Le verdict du juge Sabo

Une chose est claire durant ce procès : Mumia refuse de se défendre rationnellement, en restant flou sur sa version des faits, préférant remettre en cause la cour et le système judiciaire tout entier. Son frère ne vient pas témoigner. Autant d’éléments qui l’accablent…

Le 4 juillet 1982, Mumia est reconnu coupable du meurtre de l’officier Faulkner. Reste à définir la peine. Pour cela, il faut déterminer s’il y a eu préméditation : évidemment non, vu les circonstances. Mais le juge en charge du procès, Albert Sabo, invente le terme antinomique de « préméditation instantanée », qu’il voit dans le fait que la victime a été achevée… De plus, Sabo bafoue le droit américain en autorisant le procureur à lire un extrait d’un ancien article de Mumia. En effet,
la Constitution interdit qu’on retienne une opinion politique contre un prévenu. A la question « Que pensez-vous des affrontements avec la police ? », Mumia répondait dans ce texte « Le pouvoir est au bout du fusil ». La lecture complète de l’article aurait montré que cette citation de Mao s’appliquait tout autant aux violences policières… Léger détail supplémentaire : ce texte a été écrit alors que Mumia était âgé de… 16 ans.

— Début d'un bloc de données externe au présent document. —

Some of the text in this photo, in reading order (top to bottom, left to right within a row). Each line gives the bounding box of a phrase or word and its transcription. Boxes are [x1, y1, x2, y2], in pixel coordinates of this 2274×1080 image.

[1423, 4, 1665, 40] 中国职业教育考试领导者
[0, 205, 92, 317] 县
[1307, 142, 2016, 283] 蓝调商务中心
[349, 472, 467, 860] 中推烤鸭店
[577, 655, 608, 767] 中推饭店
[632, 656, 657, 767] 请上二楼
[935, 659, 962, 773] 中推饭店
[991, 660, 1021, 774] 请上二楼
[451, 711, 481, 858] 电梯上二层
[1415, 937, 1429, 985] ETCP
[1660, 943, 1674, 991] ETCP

Il convient de présenter ce fameux juge Sabo, détenteur du triste record du plus grand nombre d’accusés envoyés dans le couloir de la mort. Il est reconnu par nombre de ses pairs comme un raciste notoire, inéquitable dans ses jugements, adepte de pratiques d’intimidation envers la défense. Onze des condamnations à mort prononcées par Sabo ont été partiellement ou totalement infirmées par des cours d’appels… les onze personnes concernées étaient noires. Nous vous renvoyons à au site du Cosimapp pour en savoir plus sur ce juge et ses méthodes :

Mensonges et manipulations

La liste des éléments anormaux dans ce procès est énorme, voici quelques uns des plus flagrants.

- Gary Wakshul, le policier en charge du transfert de Mumia à l’hôpital le soir du meurtre, était bien chez lui et disponible lors du procès, contrairement à ce qui fut dit par la police au moment du jugement.

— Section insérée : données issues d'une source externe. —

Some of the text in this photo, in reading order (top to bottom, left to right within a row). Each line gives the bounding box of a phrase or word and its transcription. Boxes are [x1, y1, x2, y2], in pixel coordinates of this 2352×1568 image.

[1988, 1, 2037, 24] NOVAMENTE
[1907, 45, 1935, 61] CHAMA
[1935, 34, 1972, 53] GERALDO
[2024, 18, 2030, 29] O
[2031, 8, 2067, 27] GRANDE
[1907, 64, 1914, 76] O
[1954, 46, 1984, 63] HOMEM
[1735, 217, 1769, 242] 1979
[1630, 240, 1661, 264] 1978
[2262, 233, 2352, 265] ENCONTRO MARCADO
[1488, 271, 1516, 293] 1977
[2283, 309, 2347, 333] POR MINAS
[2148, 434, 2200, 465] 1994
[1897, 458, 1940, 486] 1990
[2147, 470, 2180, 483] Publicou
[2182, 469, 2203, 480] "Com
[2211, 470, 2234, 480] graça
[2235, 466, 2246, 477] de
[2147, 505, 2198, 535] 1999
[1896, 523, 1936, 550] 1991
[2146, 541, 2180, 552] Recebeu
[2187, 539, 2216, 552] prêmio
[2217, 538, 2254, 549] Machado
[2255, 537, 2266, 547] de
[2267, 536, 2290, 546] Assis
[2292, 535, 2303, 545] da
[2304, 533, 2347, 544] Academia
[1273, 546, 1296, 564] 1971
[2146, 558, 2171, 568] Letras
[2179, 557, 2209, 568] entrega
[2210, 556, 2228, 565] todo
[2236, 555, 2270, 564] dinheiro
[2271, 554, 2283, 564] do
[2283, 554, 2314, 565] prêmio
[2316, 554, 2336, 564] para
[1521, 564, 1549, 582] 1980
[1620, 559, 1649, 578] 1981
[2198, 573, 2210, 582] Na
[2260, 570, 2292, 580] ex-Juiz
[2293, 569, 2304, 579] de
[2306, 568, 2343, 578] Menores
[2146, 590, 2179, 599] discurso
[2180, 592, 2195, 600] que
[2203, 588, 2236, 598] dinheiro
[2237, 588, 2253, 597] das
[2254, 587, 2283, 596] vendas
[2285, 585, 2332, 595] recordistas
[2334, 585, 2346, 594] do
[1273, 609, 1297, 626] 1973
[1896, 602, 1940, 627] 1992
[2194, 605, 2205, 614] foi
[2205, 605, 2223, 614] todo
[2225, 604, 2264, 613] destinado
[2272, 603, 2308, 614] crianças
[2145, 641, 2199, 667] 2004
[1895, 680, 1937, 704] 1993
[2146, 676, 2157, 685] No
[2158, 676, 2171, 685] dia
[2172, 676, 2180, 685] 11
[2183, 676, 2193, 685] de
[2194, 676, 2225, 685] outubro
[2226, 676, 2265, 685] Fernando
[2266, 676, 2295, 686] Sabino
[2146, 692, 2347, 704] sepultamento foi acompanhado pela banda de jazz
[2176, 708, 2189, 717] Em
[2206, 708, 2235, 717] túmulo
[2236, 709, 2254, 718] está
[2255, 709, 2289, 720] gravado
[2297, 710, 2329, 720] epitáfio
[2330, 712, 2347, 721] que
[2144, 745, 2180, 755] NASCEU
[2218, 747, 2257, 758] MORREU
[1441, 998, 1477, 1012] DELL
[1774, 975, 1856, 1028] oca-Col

- Le médecin légiste avait écrit dans son rapport que Faulkner avait été tué d’un calibre 44, alors que Mumia possédait un calibre 38. Cette partie du rapport ne fut jamais montrée à l’avocat de Mumia lors du procès.

- Cynthia White et Robert Chobert, dont les témoignages jouèrent un rôle capital dans la condamnation de Mumia, étaient sur le coup de poursuites judiciaires, qui furent abandonnées après l’affaire. Veronica Jones, qui s’était rétractée lors de l’audience, revint sur son témoignage en 1996, et affirma avoir subi des pressions policières pour mentir lors de l’audience. Elle fut arrêtée.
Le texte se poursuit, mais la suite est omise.